• [EXERCISE GOAL]: Print only the lines that begin at the line containing "this 2160×1620 image." and end at the last line of the material, both included, without any change.

• [RECORDED INFORMATION]:
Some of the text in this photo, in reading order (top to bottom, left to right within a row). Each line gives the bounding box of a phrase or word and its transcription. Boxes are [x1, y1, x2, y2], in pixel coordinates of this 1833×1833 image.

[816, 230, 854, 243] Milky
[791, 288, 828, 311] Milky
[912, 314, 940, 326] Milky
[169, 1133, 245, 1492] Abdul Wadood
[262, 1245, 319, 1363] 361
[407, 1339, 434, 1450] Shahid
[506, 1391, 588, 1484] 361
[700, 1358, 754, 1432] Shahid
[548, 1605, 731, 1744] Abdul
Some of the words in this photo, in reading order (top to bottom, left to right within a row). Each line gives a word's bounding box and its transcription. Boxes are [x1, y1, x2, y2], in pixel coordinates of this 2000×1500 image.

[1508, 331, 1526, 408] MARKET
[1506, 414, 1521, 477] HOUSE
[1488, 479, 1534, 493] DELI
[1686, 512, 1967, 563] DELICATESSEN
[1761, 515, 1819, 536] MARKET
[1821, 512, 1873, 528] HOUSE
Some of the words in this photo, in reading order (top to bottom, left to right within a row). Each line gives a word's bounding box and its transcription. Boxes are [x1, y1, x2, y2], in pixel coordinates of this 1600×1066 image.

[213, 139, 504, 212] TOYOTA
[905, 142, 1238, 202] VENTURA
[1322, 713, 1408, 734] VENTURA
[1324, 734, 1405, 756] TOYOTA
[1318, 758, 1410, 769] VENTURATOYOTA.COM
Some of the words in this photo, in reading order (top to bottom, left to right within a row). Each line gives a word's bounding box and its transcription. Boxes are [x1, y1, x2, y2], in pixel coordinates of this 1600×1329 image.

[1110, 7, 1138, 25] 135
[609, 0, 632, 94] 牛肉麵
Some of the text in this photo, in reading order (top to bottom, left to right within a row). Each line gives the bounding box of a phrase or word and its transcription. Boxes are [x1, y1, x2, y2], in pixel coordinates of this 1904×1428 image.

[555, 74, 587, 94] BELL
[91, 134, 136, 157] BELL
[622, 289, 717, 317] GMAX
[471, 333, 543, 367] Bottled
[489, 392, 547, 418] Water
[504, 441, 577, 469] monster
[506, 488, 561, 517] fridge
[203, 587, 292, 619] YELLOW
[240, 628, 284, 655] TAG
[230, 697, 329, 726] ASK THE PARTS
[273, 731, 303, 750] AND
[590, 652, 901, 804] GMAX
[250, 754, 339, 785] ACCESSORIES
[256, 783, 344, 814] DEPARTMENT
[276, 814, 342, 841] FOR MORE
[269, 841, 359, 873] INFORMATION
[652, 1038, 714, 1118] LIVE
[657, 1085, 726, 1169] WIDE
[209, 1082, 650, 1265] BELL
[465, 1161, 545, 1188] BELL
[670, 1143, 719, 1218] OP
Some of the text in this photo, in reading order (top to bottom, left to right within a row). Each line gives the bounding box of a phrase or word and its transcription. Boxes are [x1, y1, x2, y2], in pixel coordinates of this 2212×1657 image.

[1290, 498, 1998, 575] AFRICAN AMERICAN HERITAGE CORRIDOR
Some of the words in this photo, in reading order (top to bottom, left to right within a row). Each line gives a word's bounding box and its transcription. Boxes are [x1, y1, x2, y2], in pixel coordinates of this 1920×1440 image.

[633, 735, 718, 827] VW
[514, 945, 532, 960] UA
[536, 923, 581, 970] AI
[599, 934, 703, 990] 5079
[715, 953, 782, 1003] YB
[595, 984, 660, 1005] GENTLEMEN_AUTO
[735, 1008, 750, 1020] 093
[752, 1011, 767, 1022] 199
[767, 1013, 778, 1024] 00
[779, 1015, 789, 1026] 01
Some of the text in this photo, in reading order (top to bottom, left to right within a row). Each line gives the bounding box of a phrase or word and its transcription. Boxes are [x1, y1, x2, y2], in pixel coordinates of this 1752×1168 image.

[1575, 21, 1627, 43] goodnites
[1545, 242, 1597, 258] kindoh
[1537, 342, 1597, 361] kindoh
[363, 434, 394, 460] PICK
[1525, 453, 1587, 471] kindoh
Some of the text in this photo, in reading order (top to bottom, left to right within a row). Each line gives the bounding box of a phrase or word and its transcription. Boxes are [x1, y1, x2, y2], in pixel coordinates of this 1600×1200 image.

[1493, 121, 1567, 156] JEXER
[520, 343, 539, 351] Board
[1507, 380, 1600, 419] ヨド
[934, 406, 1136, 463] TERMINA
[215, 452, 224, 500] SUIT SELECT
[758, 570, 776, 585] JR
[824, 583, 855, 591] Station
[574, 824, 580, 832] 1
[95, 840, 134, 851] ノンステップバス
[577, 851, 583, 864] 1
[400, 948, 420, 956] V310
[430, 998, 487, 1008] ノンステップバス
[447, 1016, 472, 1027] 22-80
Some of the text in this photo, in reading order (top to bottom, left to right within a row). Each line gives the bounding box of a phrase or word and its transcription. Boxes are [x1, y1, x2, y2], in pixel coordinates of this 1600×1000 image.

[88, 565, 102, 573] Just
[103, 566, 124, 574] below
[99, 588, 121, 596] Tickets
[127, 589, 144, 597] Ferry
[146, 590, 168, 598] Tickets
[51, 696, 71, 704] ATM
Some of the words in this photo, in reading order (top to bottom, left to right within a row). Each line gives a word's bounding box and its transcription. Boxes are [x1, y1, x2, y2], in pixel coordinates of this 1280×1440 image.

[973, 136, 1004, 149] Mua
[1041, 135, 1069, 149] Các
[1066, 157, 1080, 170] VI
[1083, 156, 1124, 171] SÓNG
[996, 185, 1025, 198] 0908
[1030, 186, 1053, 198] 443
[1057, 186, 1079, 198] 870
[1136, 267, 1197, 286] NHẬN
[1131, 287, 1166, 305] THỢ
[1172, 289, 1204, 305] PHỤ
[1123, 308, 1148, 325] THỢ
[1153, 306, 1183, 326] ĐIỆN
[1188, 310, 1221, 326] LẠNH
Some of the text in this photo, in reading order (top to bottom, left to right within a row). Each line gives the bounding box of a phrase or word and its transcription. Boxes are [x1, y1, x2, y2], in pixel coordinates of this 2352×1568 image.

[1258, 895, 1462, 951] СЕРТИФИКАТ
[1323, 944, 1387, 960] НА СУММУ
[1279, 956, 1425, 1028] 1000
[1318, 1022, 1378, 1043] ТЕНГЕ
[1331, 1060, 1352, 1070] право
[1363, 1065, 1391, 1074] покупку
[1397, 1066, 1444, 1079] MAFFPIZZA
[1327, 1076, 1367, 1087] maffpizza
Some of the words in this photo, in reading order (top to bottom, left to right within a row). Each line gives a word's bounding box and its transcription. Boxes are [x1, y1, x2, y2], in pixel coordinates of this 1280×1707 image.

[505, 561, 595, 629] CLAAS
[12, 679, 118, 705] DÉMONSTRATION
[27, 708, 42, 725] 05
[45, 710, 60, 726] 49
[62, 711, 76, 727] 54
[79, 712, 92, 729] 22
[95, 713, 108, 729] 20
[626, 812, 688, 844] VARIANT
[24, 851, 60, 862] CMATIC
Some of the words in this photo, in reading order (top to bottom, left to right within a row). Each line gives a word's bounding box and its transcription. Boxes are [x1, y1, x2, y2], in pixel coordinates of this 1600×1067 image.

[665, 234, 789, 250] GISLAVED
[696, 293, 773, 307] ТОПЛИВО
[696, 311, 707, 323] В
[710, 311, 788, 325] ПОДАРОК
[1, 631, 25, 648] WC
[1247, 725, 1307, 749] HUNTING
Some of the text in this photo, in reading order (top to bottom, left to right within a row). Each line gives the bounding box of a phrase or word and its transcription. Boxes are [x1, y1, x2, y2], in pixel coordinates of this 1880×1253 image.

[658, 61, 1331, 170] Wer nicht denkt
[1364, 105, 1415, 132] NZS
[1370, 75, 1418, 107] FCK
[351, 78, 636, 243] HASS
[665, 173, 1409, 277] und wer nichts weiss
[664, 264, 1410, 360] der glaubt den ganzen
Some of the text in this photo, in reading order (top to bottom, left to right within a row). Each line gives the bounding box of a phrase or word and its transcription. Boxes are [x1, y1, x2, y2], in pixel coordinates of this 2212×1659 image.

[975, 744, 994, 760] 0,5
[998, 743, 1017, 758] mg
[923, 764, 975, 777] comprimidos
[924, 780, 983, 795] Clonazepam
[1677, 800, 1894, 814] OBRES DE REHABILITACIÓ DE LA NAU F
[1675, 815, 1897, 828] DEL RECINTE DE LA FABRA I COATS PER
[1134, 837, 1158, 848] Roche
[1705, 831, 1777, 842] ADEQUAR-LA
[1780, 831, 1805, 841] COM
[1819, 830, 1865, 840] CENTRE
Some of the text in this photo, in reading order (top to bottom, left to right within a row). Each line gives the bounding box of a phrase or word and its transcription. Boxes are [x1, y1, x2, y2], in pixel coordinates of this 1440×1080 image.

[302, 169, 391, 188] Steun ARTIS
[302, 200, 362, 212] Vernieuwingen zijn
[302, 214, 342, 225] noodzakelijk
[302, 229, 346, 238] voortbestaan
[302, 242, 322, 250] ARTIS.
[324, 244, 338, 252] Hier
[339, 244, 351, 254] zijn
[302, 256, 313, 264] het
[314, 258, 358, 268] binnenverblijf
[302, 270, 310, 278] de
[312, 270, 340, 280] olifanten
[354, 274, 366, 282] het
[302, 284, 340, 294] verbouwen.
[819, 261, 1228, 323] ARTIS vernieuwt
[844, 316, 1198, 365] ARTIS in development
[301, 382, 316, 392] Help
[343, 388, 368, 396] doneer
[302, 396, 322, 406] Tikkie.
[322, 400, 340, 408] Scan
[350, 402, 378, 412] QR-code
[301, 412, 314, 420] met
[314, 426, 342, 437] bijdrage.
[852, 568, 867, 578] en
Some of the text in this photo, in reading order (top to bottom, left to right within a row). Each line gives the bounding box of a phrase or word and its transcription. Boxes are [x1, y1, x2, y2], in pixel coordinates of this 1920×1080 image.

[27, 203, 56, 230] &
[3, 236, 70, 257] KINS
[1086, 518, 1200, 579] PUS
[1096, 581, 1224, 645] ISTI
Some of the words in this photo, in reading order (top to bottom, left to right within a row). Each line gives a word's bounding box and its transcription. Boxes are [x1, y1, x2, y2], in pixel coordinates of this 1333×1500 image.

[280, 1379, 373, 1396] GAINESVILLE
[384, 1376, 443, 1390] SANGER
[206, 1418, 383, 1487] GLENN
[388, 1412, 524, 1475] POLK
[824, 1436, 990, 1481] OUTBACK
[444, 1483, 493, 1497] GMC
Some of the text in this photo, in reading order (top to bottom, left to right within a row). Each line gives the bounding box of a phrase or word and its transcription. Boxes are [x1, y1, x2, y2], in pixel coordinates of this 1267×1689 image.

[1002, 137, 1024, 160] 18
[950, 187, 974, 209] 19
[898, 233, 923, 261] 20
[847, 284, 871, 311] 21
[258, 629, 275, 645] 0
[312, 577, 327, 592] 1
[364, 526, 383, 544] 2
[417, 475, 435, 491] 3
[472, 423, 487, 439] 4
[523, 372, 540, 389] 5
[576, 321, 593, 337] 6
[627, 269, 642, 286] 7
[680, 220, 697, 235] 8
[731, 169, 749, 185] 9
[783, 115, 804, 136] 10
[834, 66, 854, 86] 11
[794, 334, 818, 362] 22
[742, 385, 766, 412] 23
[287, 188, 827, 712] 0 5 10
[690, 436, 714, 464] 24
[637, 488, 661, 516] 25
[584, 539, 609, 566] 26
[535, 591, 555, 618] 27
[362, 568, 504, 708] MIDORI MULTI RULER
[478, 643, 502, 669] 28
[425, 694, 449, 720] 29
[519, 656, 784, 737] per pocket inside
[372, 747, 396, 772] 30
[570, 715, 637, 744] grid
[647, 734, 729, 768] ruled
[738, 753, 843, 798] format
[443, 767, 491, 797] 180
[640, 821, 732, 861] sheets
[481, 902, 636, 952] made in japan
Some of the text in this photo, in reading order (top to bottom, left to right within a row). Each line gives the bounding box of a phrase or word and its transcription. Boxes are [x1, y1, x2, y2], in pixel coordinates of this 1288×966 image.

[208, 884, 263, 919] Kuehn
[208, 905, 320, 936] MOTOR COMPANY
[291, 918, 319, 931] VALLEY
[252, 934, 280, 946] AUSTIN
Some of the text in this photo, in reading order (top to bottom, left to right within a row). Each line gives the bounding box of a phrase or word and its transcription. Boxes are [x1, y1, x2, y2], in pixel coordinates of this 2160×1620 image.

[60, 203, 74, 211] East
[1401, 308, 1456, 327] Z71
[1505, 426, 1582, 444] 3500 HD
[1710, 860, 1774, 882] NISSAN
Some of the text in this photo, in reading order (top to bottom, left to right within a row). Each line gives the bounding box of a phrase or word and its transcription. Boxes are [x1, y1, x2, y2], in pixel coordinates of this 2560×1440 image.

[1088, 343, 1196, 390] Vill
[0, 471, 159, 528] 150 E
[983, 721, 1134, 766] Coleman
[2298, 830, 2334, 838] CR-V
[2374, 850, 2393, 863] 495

• [WRITTEN ANSWER]:
Some of the text in this photo, in reading order (top to bottom, left to right within a row). Each line gives the bounding box of a phrase or word and its transcription. Boxes are [x1, y1, x2, y2], in pixel coordinates of this 2160×1620 image.

[60, 203, 74, 211] East
[1401, 308, 1456, 327] Z71
[1505, 426, 1582, 444] 3500 HD
[1710, 860, 1774, 882] NISSAN
Some of the text in this photo, in reading order (top to bottom, left to right within a row). Each line gives the bounding box of a phrase or word and its transcription. Boxes are [x1, y1, x2, y2], in pixel coordinates of this 2560×1440 image.

[1088, 343, 1196, 390] Vill
[0, 471, 159, 528] 150 E
[983, 721, 1134, 766] Coleman
[2298, 830, 2334, 838] CR-V
[2374, 850, 2393, 863] 495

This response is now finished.